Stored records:
● ● ● ● ●

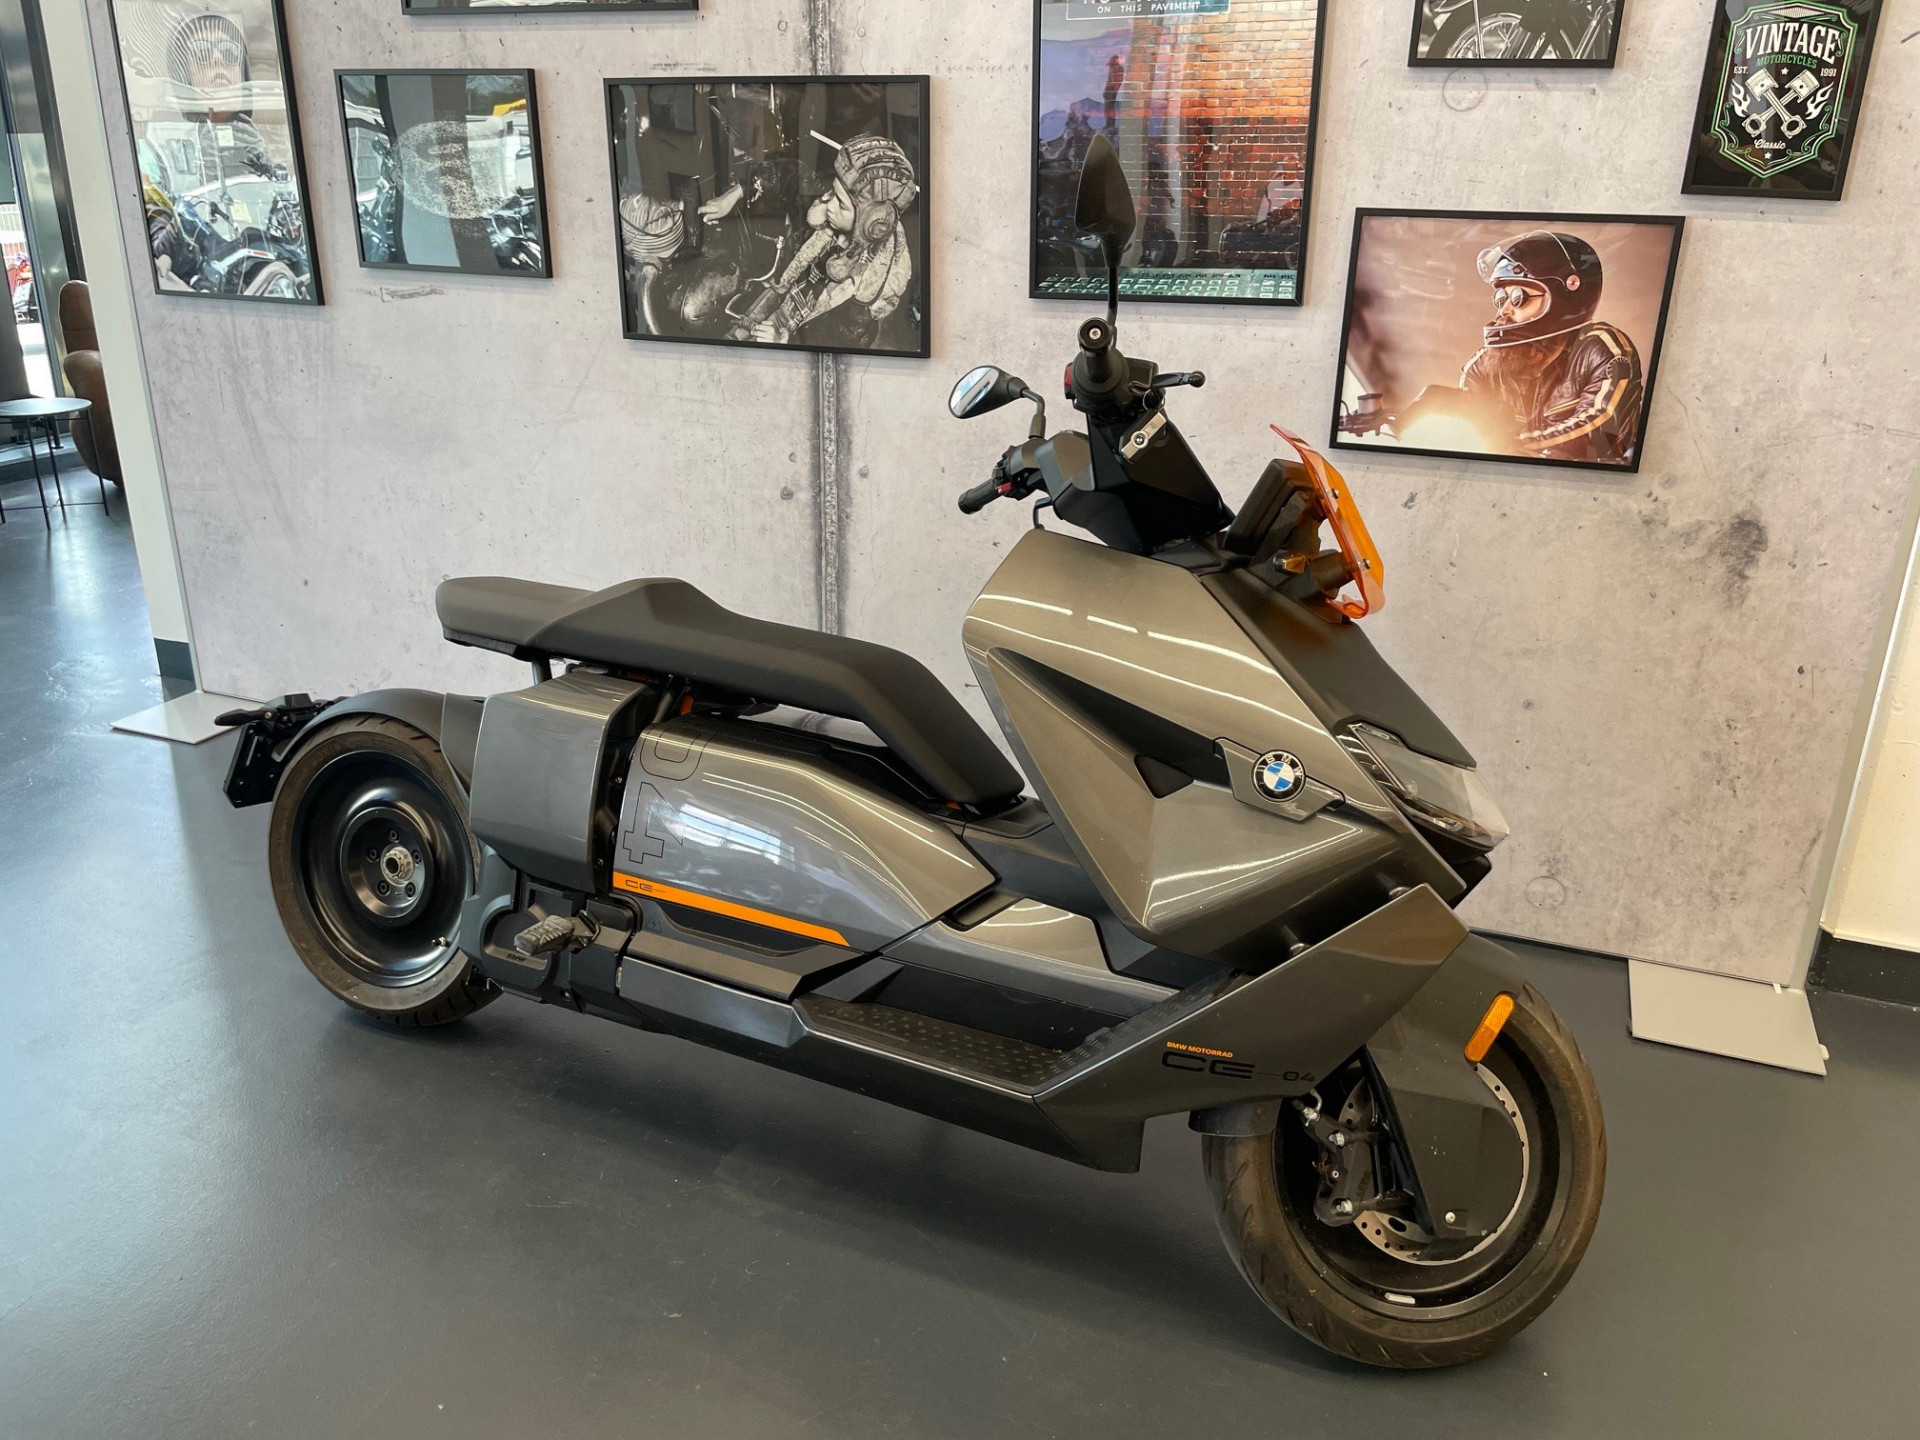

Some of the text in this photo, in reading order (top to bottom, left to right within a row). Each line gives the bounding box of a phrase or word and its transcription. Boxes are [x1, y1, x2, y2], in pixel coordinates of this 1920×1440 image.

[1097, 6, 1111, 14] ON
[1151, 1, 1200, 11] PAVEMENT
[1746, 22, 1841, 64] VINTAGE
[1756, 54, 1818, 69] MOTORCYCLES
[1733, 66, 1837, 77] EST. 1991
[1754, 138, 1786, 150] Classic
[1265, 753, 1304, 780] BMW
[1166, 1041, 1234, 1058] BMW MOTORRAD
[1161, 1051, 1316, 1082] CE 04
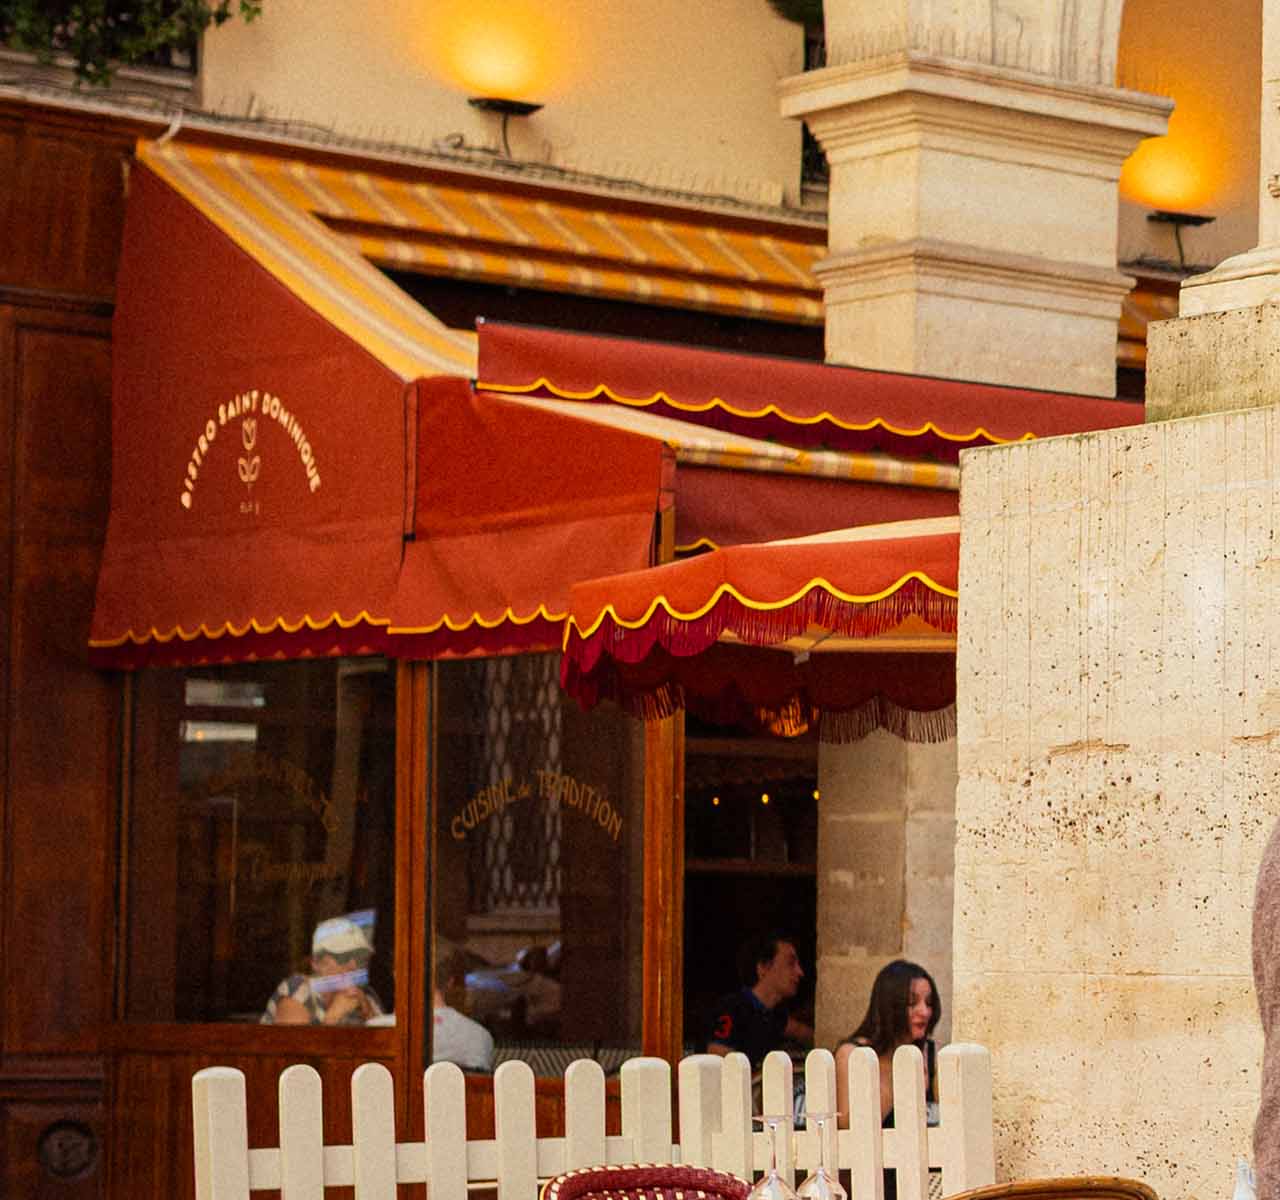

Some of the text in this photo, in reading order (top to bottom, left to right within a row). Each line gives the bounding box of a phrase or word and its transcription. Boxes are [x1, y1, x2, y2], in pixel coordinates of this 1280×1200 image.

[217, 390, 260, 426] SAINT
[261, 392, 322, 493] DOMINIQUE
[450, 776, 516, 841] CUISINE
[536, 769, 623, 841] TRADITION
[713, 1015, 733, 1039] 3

● ● ● ● ●

ASSIGNED TASK:
Although the records contain pictures, only the text should be copied, exactly as it stands.

SOLUTION TO THE EXERCISE:
Some of the text in this photo, in reading order (top to bottom, left to right within a row). Each line gives the bounding box of a phrase or word and its transcription. Boxes are [x1, y1, x2, y2], in pixel coordinates of this 1920×1440 image.

[1097, 6, 1111, 14] ON
[1151, 1, 1200, 11] PAVEMENT
[1746, 22, 1841, 64] VINTAGE
[1756, 54, 1818, 69] MOTORCYCLES
[1733, 66, 1837, 77] EST. 1991
[1754, 138, 1786, 150] Classic
[1265, 753, 1304, 780] BMW
[1166, 1041, 1234, 1058] BMW MOTORRAD
[1161, 1051, 1316, 1082] CE 04

Some of the text in this photo, in reading order (top to bottom, left to right within a row). Each line gives the bounding box of a phrase or word and its transcription. Boxes are [x1, y1, x2, y2], in pixel coordinates of this 1280×1200 image.

[217, 390, 260, 426] SAINT
[261, 392, 322, 493] DOMINIQUE
[450, 776, 516, 841] CUISINE
[536, 769, 623, 841] TRADITION
[713, 1015, 733, 1039] 3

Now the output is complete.